→ **What the task requires**: Nothing should be dropped or changed: copy every line of the listing.

===== Raw data

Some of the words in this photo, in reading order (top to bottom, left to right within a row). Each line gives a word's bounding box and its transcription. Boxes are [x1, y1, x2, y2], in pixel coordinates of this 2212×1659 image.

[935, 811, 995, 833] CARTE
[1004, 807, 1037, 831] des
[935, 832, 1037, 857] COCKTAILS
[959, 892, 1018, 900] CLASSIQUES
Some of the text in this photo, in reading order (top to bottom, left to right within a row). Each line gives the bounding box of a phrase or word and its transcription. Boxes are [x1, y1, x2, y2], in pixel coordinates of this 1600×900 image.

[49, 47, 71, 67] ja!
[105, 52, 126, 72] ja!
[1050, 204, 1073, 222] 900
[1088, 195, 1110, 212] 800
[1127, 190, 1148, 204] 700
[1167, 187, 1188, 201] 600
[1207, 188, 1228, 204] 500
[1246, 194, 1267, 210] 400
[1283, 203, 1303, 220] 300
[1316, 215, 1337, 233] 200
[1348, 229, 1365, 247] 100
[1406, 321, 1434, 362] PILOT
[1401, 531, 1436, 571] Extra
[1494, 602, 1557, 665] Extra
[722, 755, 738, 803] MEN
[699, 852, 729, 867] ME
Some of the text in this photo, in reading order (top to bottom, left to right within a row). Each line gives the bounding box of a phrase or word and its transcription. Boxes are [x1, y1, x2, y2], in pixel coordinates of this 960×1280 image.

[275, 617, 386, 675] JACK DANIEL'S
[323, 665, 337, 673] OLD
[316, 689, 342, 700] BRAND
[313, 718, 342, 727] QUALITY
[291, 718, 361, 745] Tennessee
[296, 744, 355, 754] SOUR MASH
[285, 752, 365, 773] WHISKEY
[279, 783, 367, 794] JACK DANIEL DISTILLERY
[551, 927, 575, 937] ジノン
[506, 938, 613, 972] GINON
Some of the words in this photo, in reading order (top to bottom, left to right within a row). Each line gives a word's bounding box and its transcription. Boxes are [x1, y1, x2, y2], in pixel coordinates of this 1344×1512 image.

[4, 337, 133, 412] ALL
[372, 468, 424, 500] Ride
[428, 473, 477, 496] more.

==========

→ **Solution**:
Some of the words in this photo, in reading order (top to bottom, left to right within a row). Each line gives a word's bounding box and its transcription. Boxes are [x1, y1, x2, y2], in pixel coordinates of this 2212×1659 image.

[935, 811, 995, 833] CARTE
[1004, 807, 1037, 831] des
[935, 832, 1037, 857] COCKTAILS
[959, 892, 1018, 900] CLASSIQUES
Some of the text in this photo, in reading order (top to bottom, left to right within a row). Each line gives the bounding box of a phrase or word and its transcription. Boxes are [x1, y1, x2, y2], in pixel coordinates of this 1600×900 image.

[49, 47, 71, 67] ja!
[105, 52, 126, 72] ja!
[1050, 204, 1073, 222] 900
[1088, 195, 1110, 212] 800
[1127, 190, 1148, 204] 700
[1167, 187, 1188, 201] 600
[1207, 188, 1228, 204] 500
[1246, 194, 1267, 210] 400
[1283, 203, 1303, 220] 300
[1316, 215, 1337, 233] 200
[1348, 229, 1365, 247] 100
[1406, 321, 1434, 362] PILOT
[1401, 531, 1436, 571] Extra
[1494, 602, 1557, 665] Extra
[722, 755, 738, 803] MEN
[699, 852, 729, 867] ME
Some of the text in this photo, in reading order (top to bottom, left to right within a row). Each line gives the bounding box of a phrase or word and its transcription. Boxes are [x1, y1, x2, y2], in pixel coordinates of this 960×1280 image.

[275, 617, 386, 675] JACK DANIEL'S
[323, 665, 337, 673] OLD
[316, 689, 342, 700] BRAND
[313, 718, 342, 727] QUALITY
[291, 718, 361, 745] Tennessee
[296, 744, 355, 754] SOUR MASH
[285, 752, 365, 773] WHISKEY
[279, 783, 367, 794] JACK DANIEL DISTILLERY
[551, 927, 575, 937] ジノン
[506, 938, 613, 972] GINON
Some of the words in this photo, in reading order (top to bottom, left to right within a row). Each line gives a word's bounding box and its transcription. Boxes are [x1, y1, x2, y2], in pixel coordinates of this 1344×1512 image.

[4, 337, 133, 412] ALL
[372, 468, 424, 500] Ride
[428, 473, 477, 496] more.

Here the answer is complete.